Lyon is also known for its food. I was a little scared at first because my French is bad and virtually no one in Lyon spoke English. But we got by just fine. The restaurants were great, and in the mornings there's an outdoor market where we bought a picnic including some of the best grapes I've ever had.
London (as told from my trip journal)
Besides the Alabama 3 concert, the Royal Library, and the Dali museum, we were also lucky enough to catch a Frida Kahlo exhibit at the Tate Modern. Truly a treat to finally see her paintings up close.
Also saw the exhibit at the Royal Gallery--used Rick Steve's Tour because we only had about 2hrs. BUt that was perfect. Started in Medieval times and ended with the impressionists. Highlights were the 2 Vermeers (standing and sitting at virginals)--I never realized they were a pair representing virgin/whore archetypes. And two van Gogh's--Sunflowers and his Chair. I never knew before that Impressionism could be viewed as a response to the invention of the camera.
We also went to a production of the Tempest at the Globe. It was disappointing for V. but I enjoyed it. It was difficult because they decided to cast just 3 actors for all 11 parts, plus 3 actresses for Iris, Ceres, and Juno. My guess is that this was an attempt to highlight the point of view that Prospero had just lost his marbles, and he was spending way too much time inside his own head, so to speak. It almost worked, but I think the starkness--no props or costume changes--aked just a little too much of the audience's imagination. I had trouble following, and I've read the play at least twice and seen at least 2 other productions.
Sunday, September 25, 2005
I have returned
I'm back. Got in late last night, and after a good night's rest, I'm pretty sure I can convince myself that it is now 9am, not 6pm.

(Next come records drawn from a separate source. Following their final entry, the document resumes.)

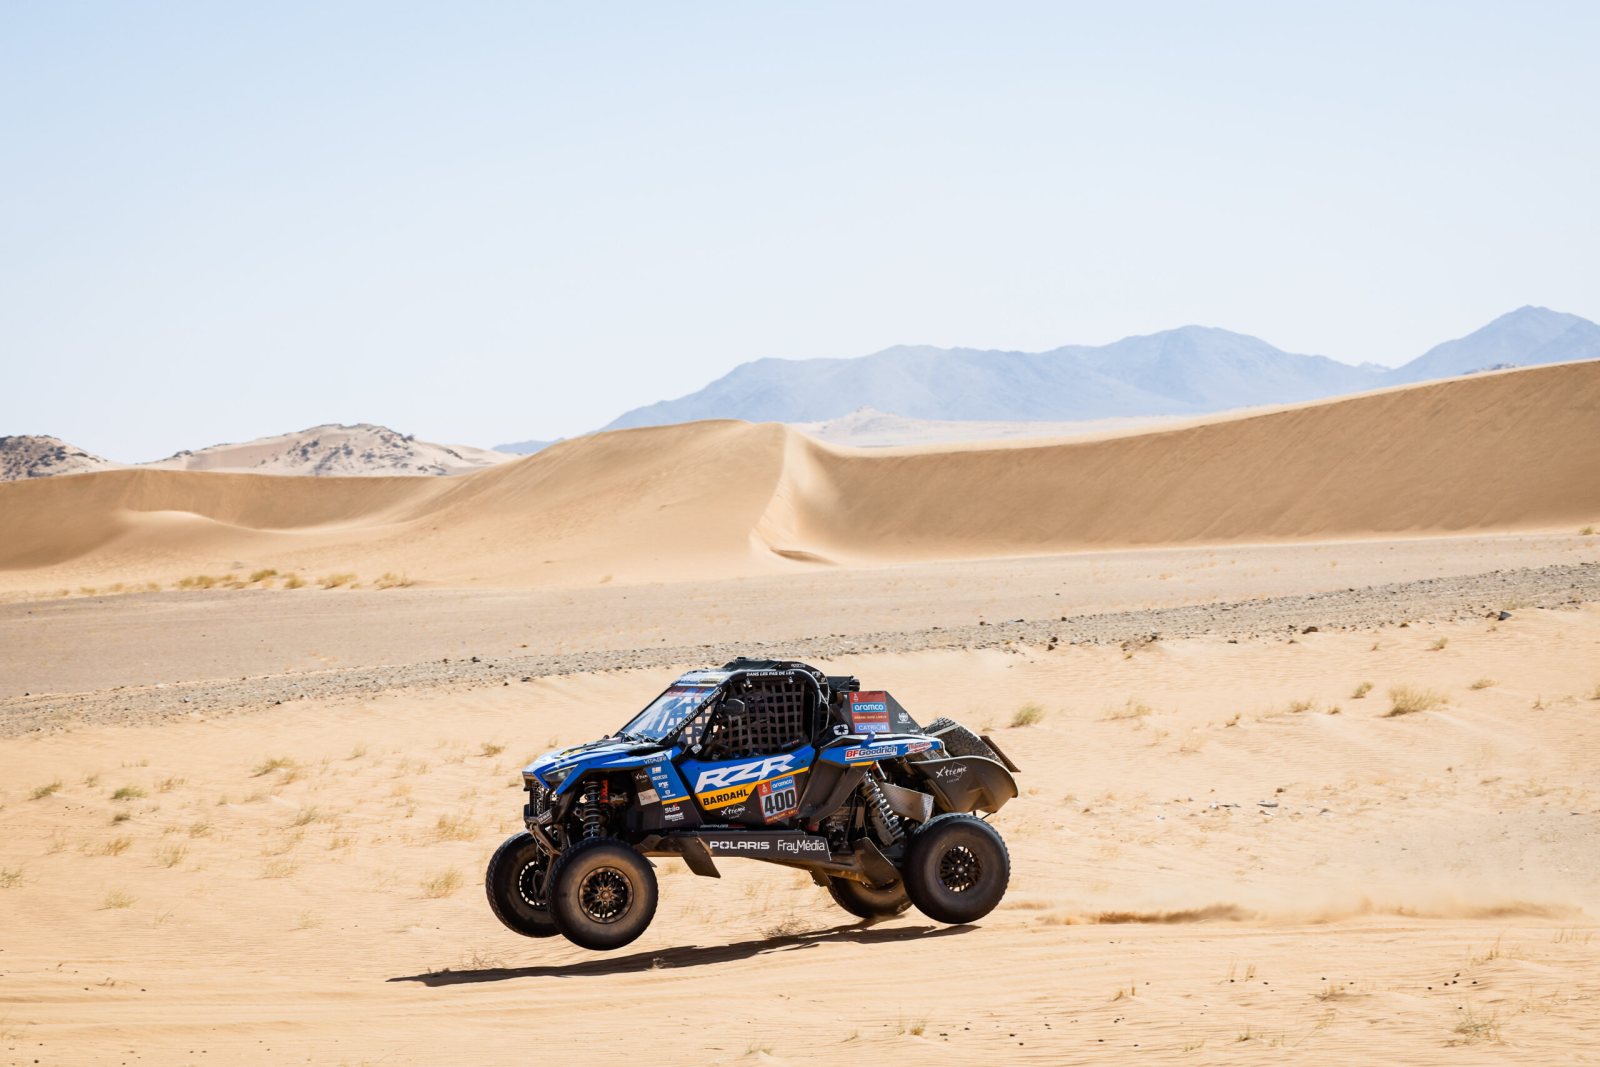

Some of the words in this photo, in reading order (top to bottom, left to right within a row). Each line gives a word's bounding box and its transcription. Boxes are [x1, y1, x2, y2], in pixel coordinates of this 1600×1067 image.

[854, 703, 884, 711] aramco
[846, 745, 898, 758] BFGoodrich
[694, 753, 796, 794] RZR
[771, 778, 793, 789] aramco
[702, 788, 750, 806] BARDAHL
[764, 789, 796, 815] 400
[709, 841, 771, 850] POLARIS
[777, 839, 826, 854] FrayMédia
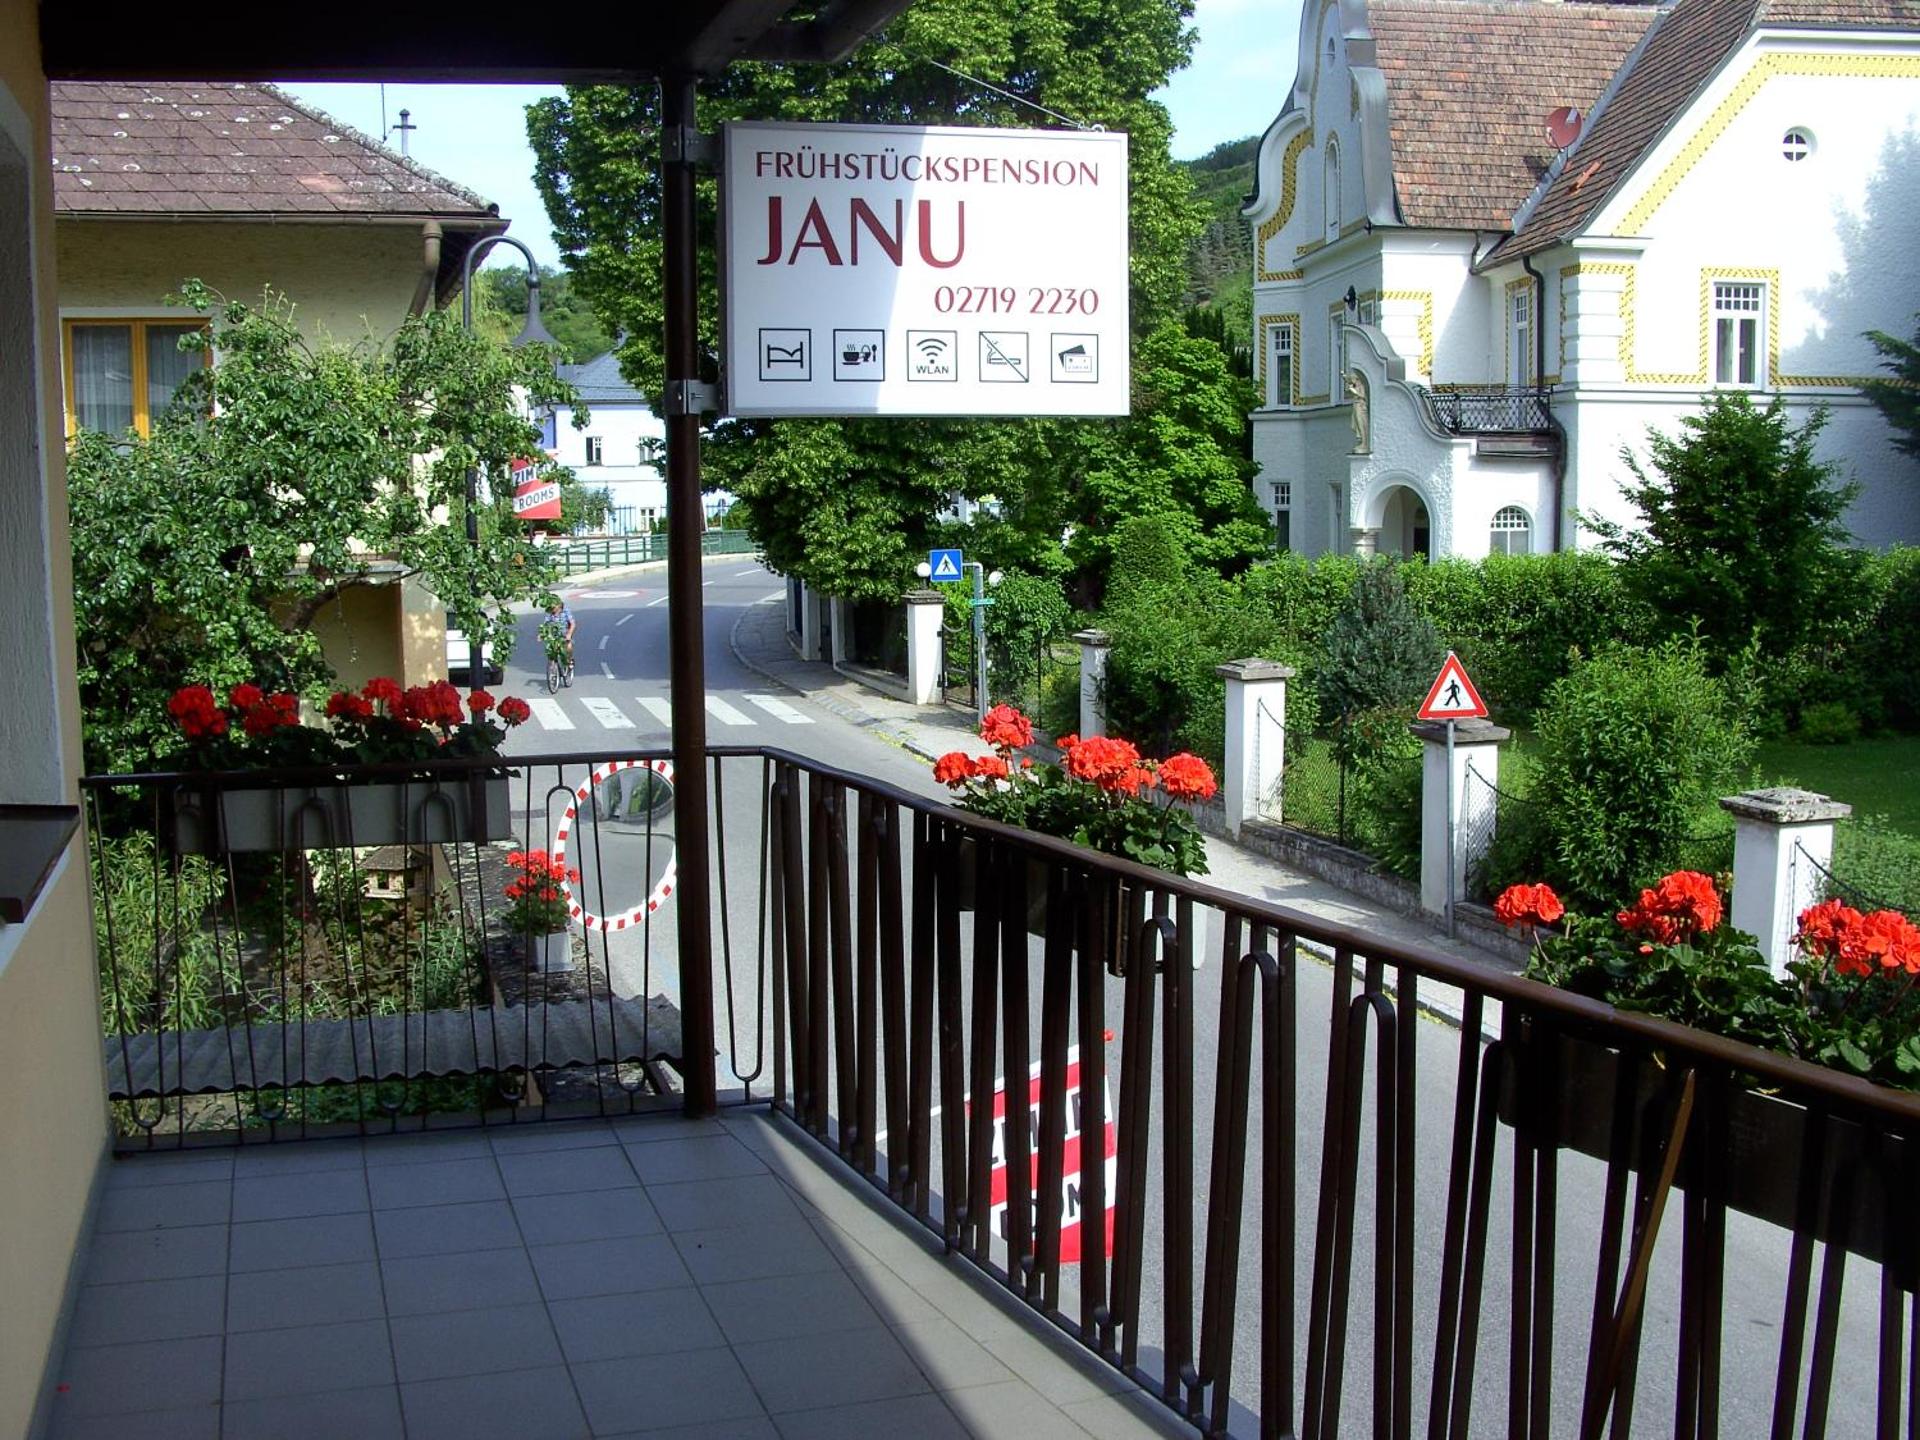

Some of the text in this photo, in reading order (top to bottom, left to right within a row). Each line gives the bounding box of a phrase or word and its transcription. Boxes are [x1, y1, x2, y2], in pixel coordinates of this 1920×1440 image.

[755, 145, 1099, 187] FRÜHSTÜCKSPENSION
[757, 195, 965, 268] JANU
[934, 286, 1099, 315] 02719 2230
[916, 365, 949, 375] WLAN
[519, 487, 554, 510] ROOMS

I meant to post more during the trip, but the wireless revolution has apparently done quite a number on internet cafes.
Watch for highlights I've transferred from my trip journal.

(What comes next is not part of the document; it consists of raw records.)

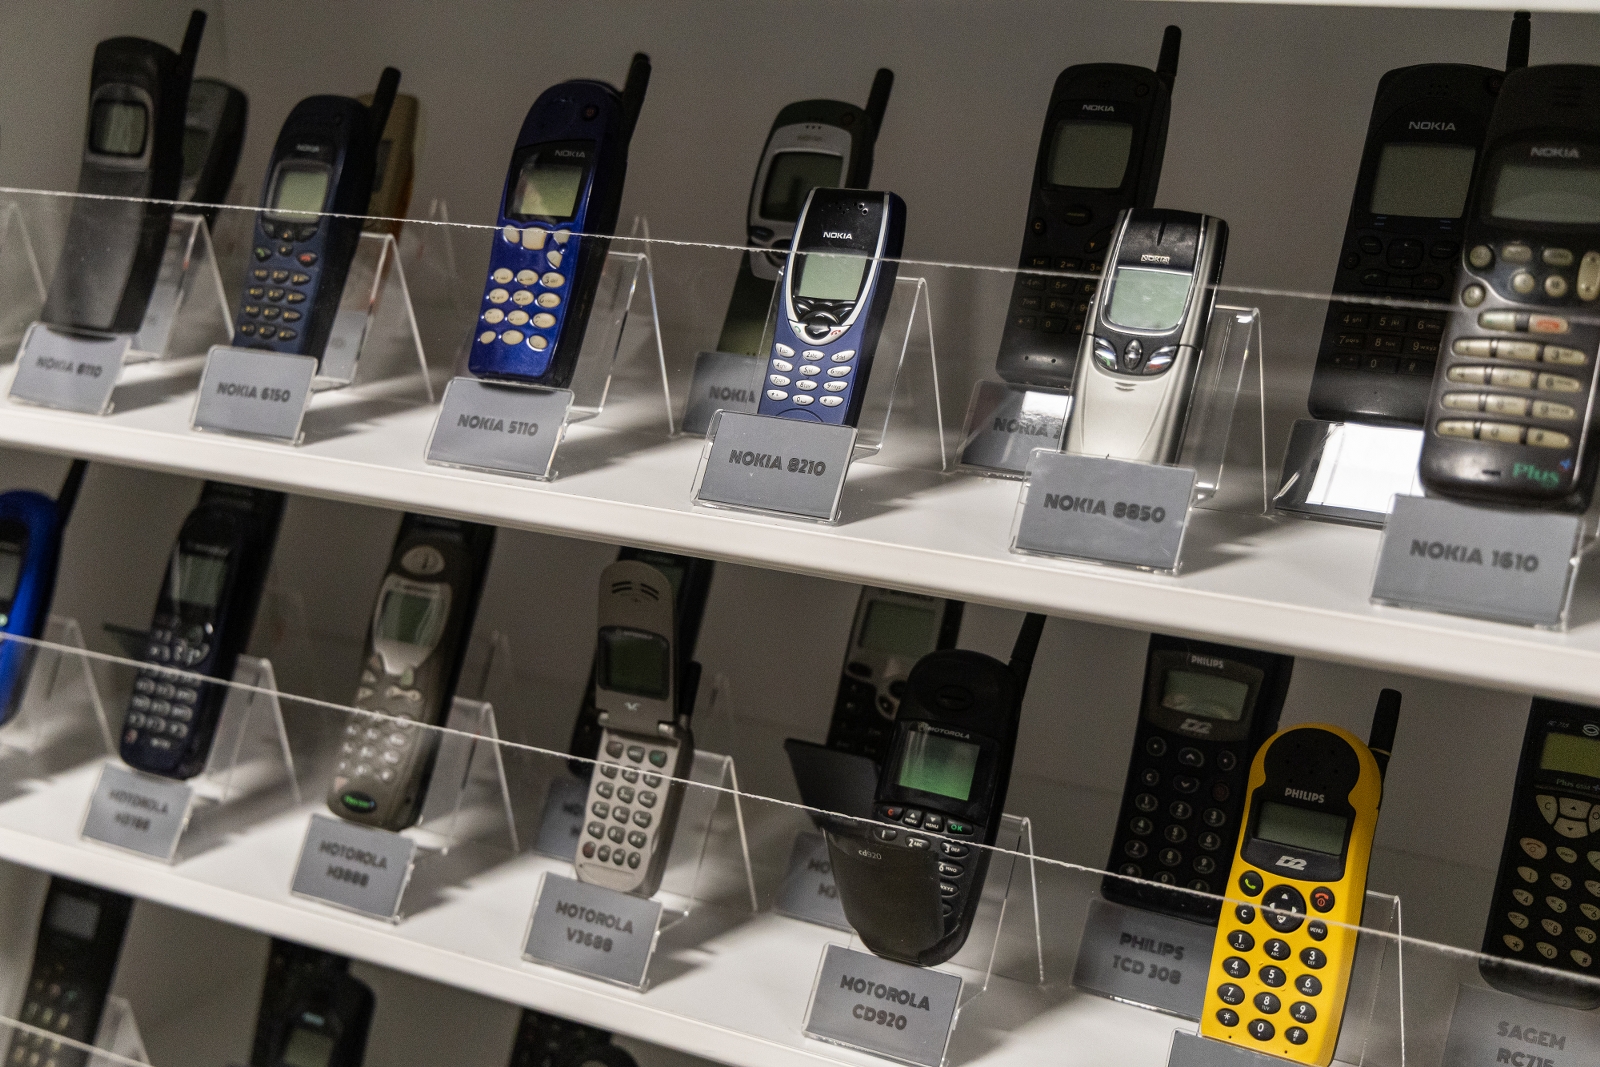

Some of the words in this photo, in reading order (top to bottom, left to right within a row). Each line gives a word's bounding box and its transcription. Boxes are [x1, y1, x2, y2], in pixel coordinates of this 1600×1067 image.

[1082, 104, 1115, 112] NOKIA
[1408, 121, 1456, 131] NOKIA
[554, 150, 586, 158] NOKIA
[1530, 147, 1580, 159] NOKIA
[823, 231, 853, 241] NOKIA
[1141, 254, 1171, 265] NOKIA
[217, 382, 257, 398] NOKIA
[261, 387, 291, 402] 6150
[709, 385, 756, 404] NOKIA
[457, 414, 504, 432] NOKIA
[508, 421, 539, 437] 5110
[729, 450, 782, 471] NOKIA
[787, 457, 827, 477] 8210
[1512, 462, 1560, 489] Plus
[1044, 493, 1107, 516] NOKIA
[1112, 501, 1166, 523] 8850
[1409, 539, 1483, 566] NOKIA
[1491, 549, 1540, 573] 1610
[1191, 655, 1225, 670] PHILIPS
[928, 725, 971, 740] MOTOROLA
[1284, 787, 1326, 804] PHILIPS
[951, 823, 963, 831] OK
[320, 841, 388, 869] MOTOROLA
[858, 849, 882, 860] cd920
[1561, 879, 1569, 888] 2
[1523, 896, 1529, 904] 4
[1556, 902, 1563, 911] 5
[555, 900, 633, 934] MOTOROLA
[1240, 909, 1248, 918] C
[1591, 910, 1598, 918] 6
[1519, 917, 1526, 926] 7
[1309, 926, 1325, 935] MENU
[1552, 925, 1559, 934] 8
[567, 927, 614, 952] V3688
[1587, 933, 1594, 941] 9
[1120, 932, 1184, 960] PHILIPS
[1273, 942, 1280, 952] 2
[1309, 950, 1316, 961] 3
[1546, 948, 1553, 957] 0
[1113, 954, 1145, 975] TCD
[1148, 963, 1182, 985] 308
[1231, 961, 1239, 970] 4
[1268, 969, 1275, 979] 5
[1304, 978, 1311, 987] 6
[840, 974, 931, 1012] MOTOROLA
[1227, 987, 1234, 996] 7
[1263, 995, 1270, 1006] 8
[1299, 1004, 1306, 1014] 9
[852, 1003, 908, 1031] CD920
[1257, 1022, 1265, 1033] 0
[1496, 1020, 1567, 1051] SAGEM

Today I've got to go shopping for some work clothes. My new job starts Tuesday.
Sunday, September 11, 2005
I've got 3 eyes--gonna pluck one out for jesus....
Greetings from Trafalgar Square!
My trip is the coolest ever. Edinburgh is a fabulous city--so fabulous there was no time for blogging. I had a great time hanging out with my friends, exploring the Castle, Mary King's Close, the Museum of Scotland, and of course the Royal Surgeon's Hall Museum. After all, Scotland is the birthplace of modern surgery, and we saw some hella crazy specimens from Charles Bell's Pathology specimens. Too gruesome to detail right now--but there were plenty of 19th century body parts to be seen floating in jars.

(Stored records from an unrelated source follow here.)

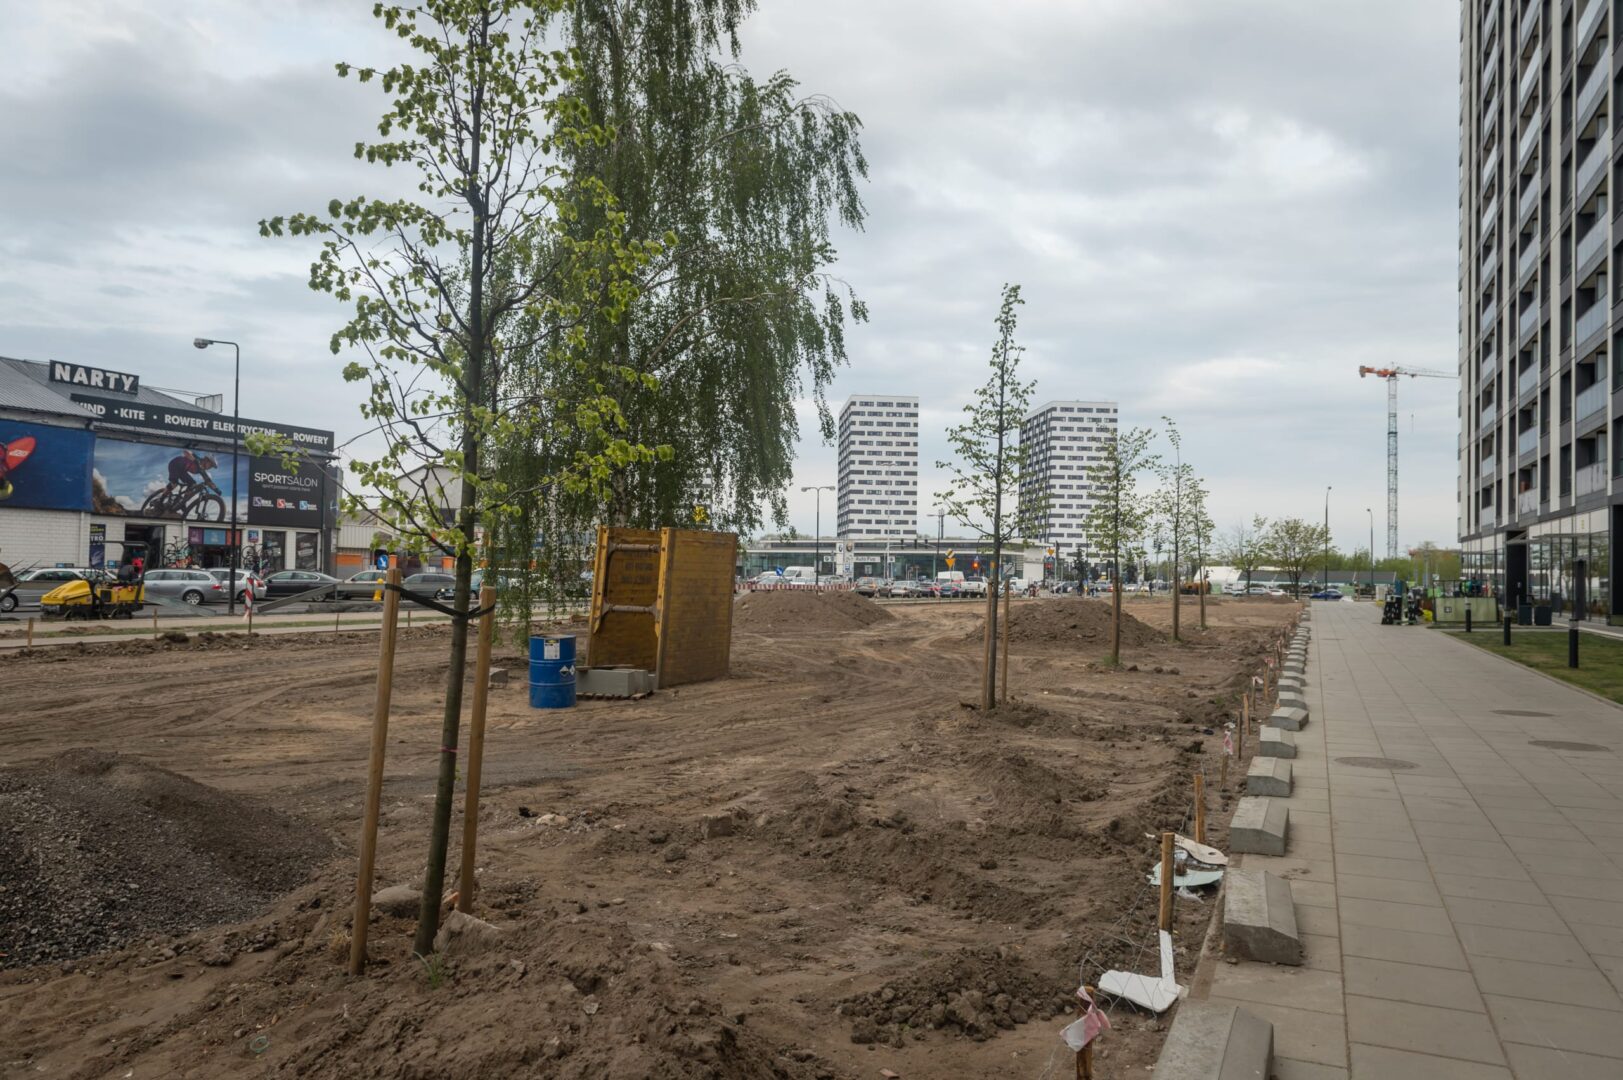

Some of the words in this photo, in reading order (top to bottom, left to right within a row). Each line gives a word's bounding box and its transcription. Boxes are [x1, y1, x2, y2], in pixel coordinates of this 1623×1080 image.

[55, 363, 134, 391] NARTY
[120, 408, 145, 420] KITE
[164, 414, 209, 429] ROWERY
[293, 432, 329, 444] ROWERY
[254, 472, 318, 487] SPORTSALON

My favorite thing was Friday's trip to the Highlands. We went to Doune Castle, which in addition to being the coolest castle ever, also happens to have been featured with a certain coconut accompanied King in Monty Python's the Holy Grail. Fabulous.
We got into London last night, and after a bit of laundry, went on a grand adventure to Lewisham. The TI attendant was quite concerned that we wanted to go there--he called it a "tasty" neighborhood. But, really it was just a lot like how Old Town used to be. Anyway, my Edinburgh friend's sister got us tickets to a secret show of Alabama 3 (called A3 in the U.S.). If you've ever watched the Sopranos, you've heard at least one of their songs. Anyway it was possibly the coolest show I've seen this year, and I'm sure it was the coolest thing going on in London last night.
Today we went to the British Library--got to see the original manuscript of Alice in Wonderland (another personal highlight). Then on to Dali Universe. Now some Indian food, and it'll be the end of a perfect day.